Starting and stopping Mailman

The Mailman daemon processes can be started and stopped from the command line.

Set up

All we care about is the master process; normally it starts a bunch of runners, but we don’t care about any of them, so write a test configuration file for the master that disables all the runners.

>>> from mailman.commands.tests.test_control import make_config

Starting

>>> from mailman.commands.cli_control import Start
>>> start = Start()
>>> class FakeArgs:
...     force = False
...     run_as_user = True
...     quiet = False
...     config = make_config()
>>> args = FakeArgs()

Starting the daemons prints a useful message and starts the master watcher process in the background.

>>> start.process(args)
Starting Mailman's master runner
>>> from mailman.commands.tests.test_control import find_master

The process exists, and its pid is available in a run time file.

>>> pid = find_master()
>>> pid is not None
True

Stopping

You can also stop the master watcher process from the command line, which stops all the child processes too.

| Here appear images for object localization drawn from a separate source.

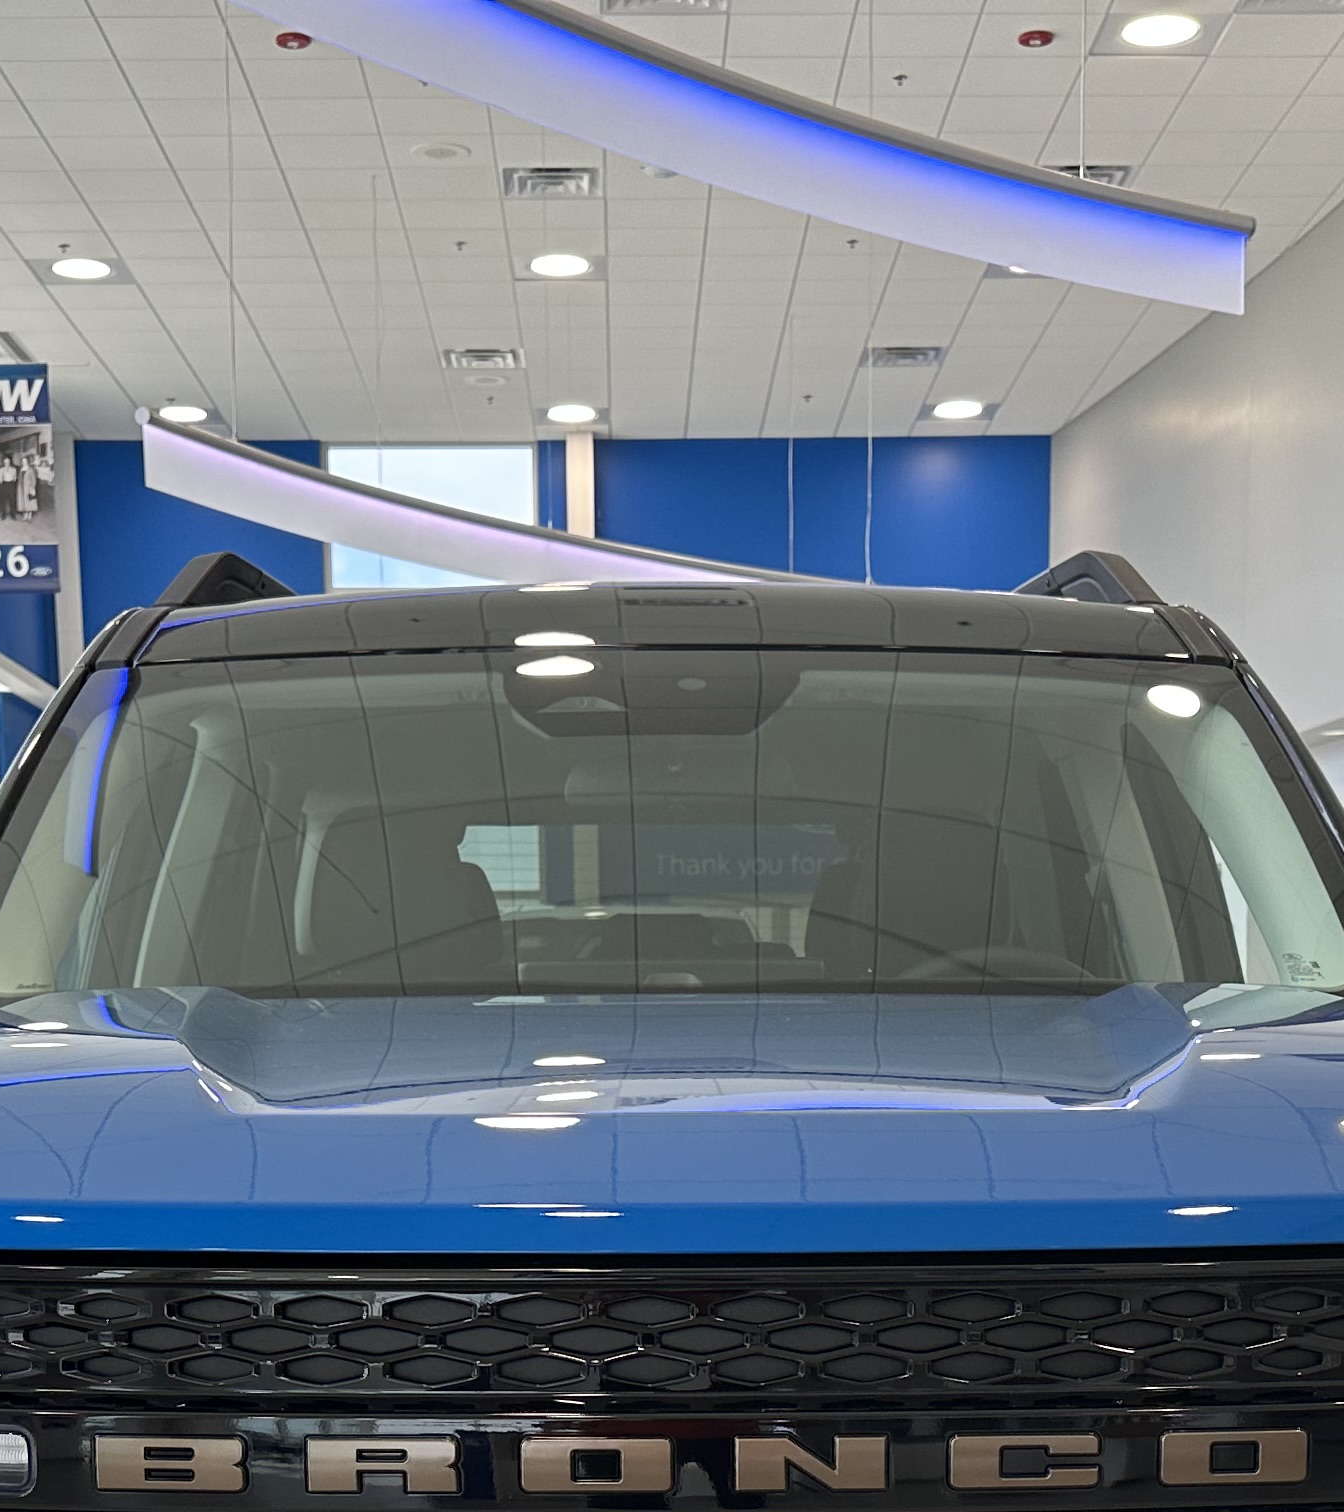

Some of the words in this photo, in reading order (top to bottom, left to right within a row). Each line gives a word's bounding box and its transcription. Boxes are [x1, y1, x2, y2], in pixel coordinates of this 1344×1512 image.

[656, 853, 731, 876] Thank
[739, 858, 783, 880] you
[791, 854, 825, 876] for
[94, 1429, 1308, 1493] BRONCO
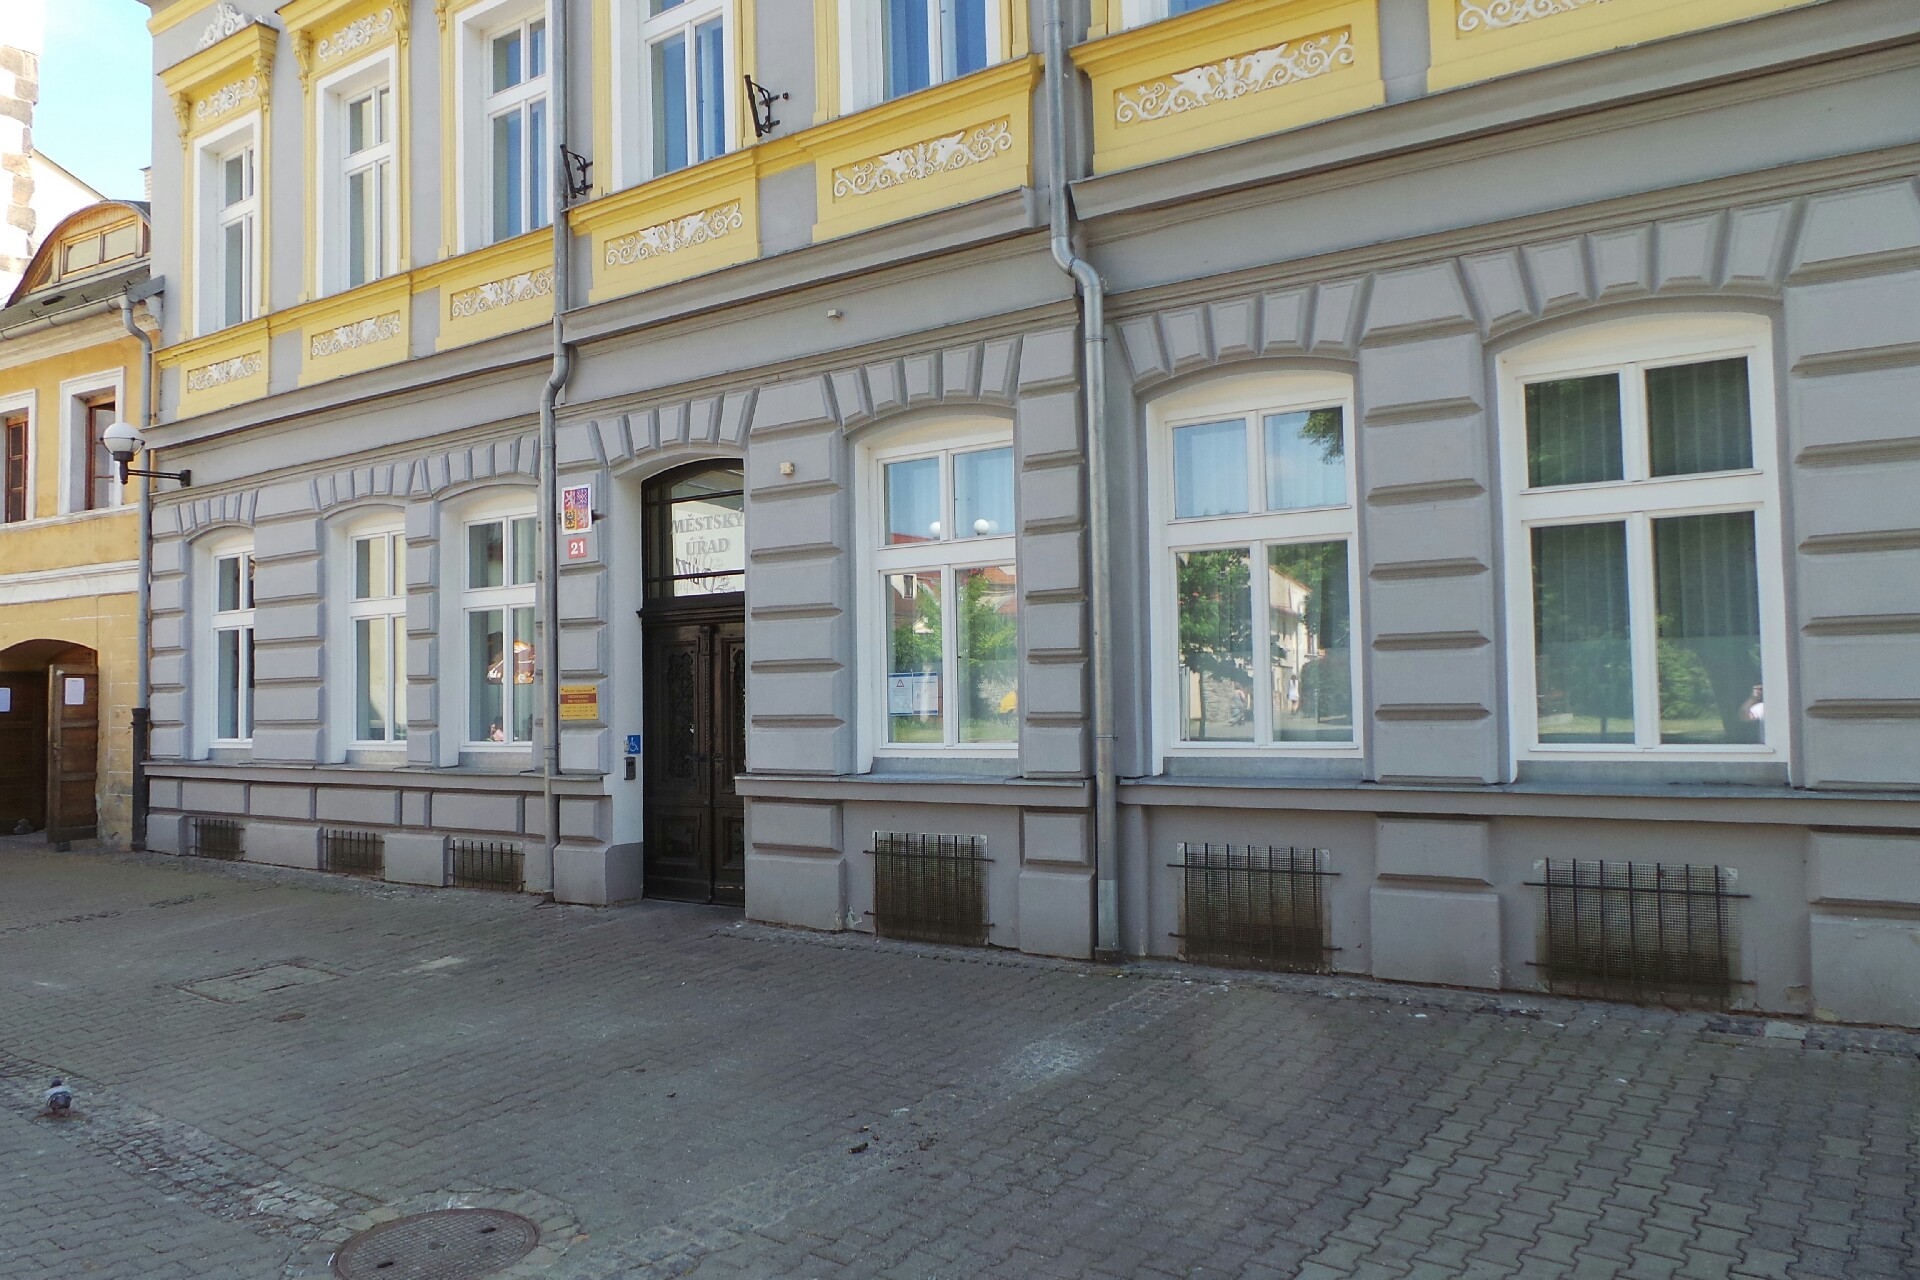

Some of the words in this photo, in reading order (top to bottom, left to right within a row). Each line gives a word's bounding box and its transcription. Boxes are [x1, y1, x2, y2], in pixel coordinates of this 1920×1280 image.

[670, 507, 744, 534] MĚSTSKÝ
[570, 541, 584, 555] 21
[685, 536, 730, 555] ÚŘAD

>>> from mailman.commands.cli_control import Stop
>>> stop = Stop()
>>> stop.process(args)
Shutting down Mailman's master runner

>>> from datetime import datetime, timedelta
>>> import os
>>> import time
>>> import errno
>>> def bury_master():
...     until = timedelta(seconds=2) + datetime.now()
...     while datetime.now() < until:
...         time.sleep(0.1)
...         try:
...             os.kill(pid, 0)
...             os.waitpid(pid, os.WNOHANG)
...         except OSError as error:
...             if error.errno == errno.ESRCH:
...                 # The process has exited.
...                 print('Master process went bye bye')
...                 return
...             else:
...                 raise
...     else:
...         raise AssertionError('Master process lingered')

>>> bury_master()
Master process went bye bye

XXX We need tests for restart (SIGUSR1) and reopen (SIGHUP).